Updated on 2022-10-28: We were nominated for Best Software Tool this year.
Introduction
The research approach of synthetic biology is more like an engineering method than a traditional biological method. In practice, the designs of synthetic biology are focused on biological functions. That is to say that synthetic biology follows the principle of from bottom to top, specifically from parts to devices and finally to system. As is explained above, parts, as the foundation, play an important role.
The idea of parts standardization was put forward by Drew Endy in 2005. When creating or modifying corresponding biological components, the standardization of parts must be carried out. For the standardized settings of parts, the parts created by one person can be reused by all researchers through standardized settings. And that’s why all teams must submit their parts in the iGEM Competition.

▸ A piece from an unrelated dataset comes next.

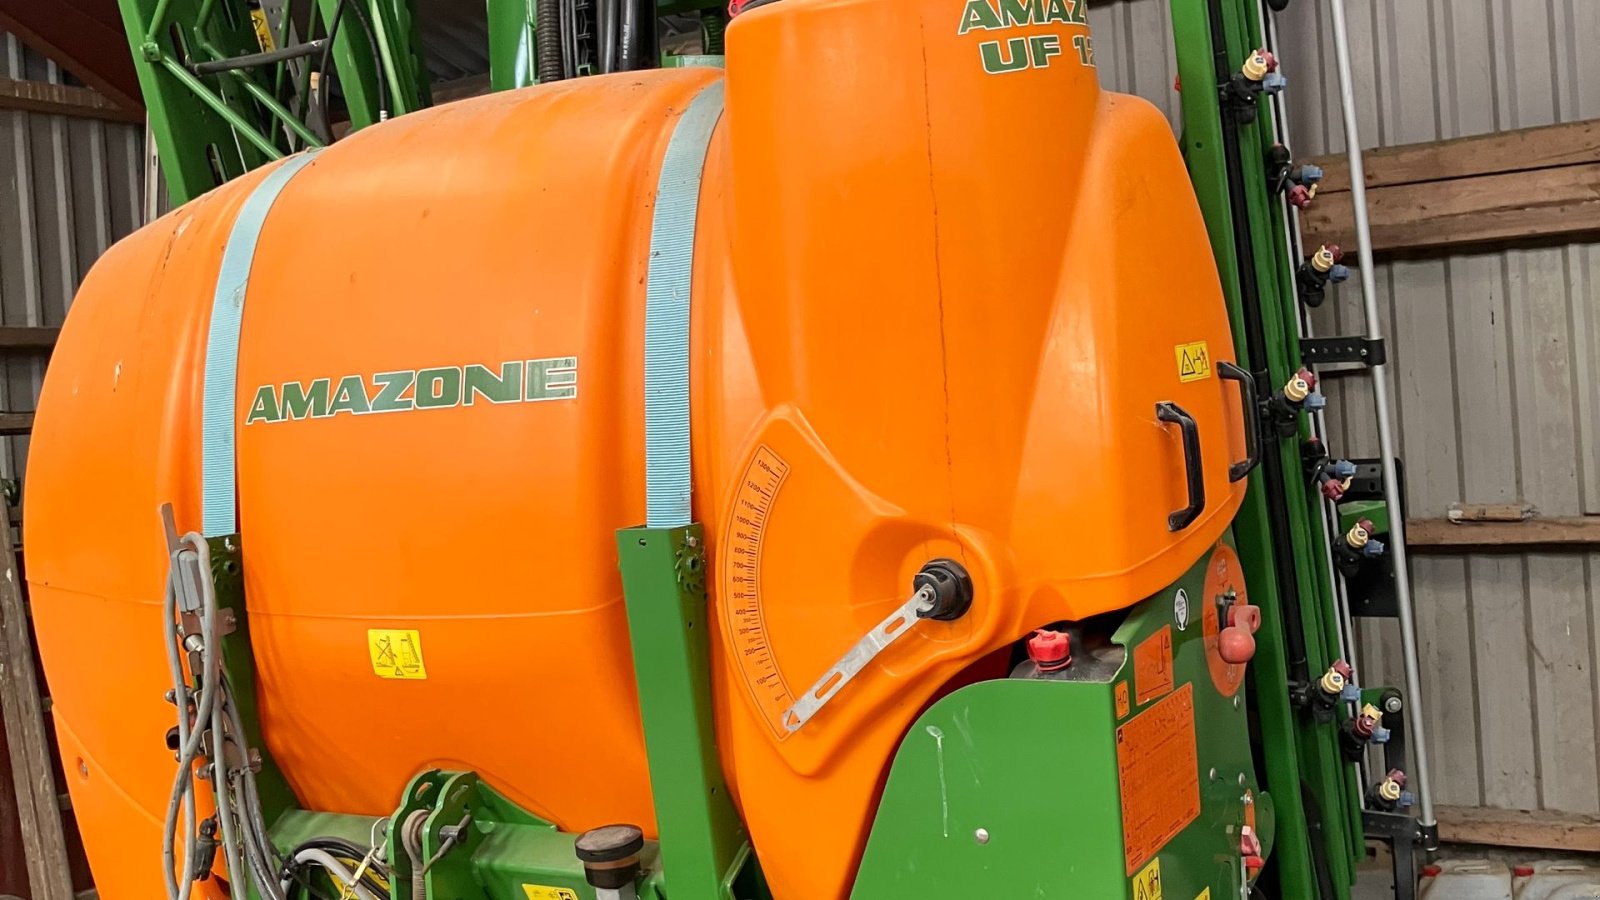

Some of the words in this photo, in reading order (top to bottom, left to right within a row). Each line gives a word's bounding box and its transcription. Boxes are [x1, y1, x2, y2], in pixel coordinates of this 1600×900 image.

Since a great database of standardized parts had been provided by the iGEM community, there’s no reason not to make full use of the parts database. A problem was encountered when first collecting information and resources for our parts design this year. Although the parts database is provided, we cannot quickly identify which part is most related to our project from the parts registration page because there is no powerful search tool for us yet.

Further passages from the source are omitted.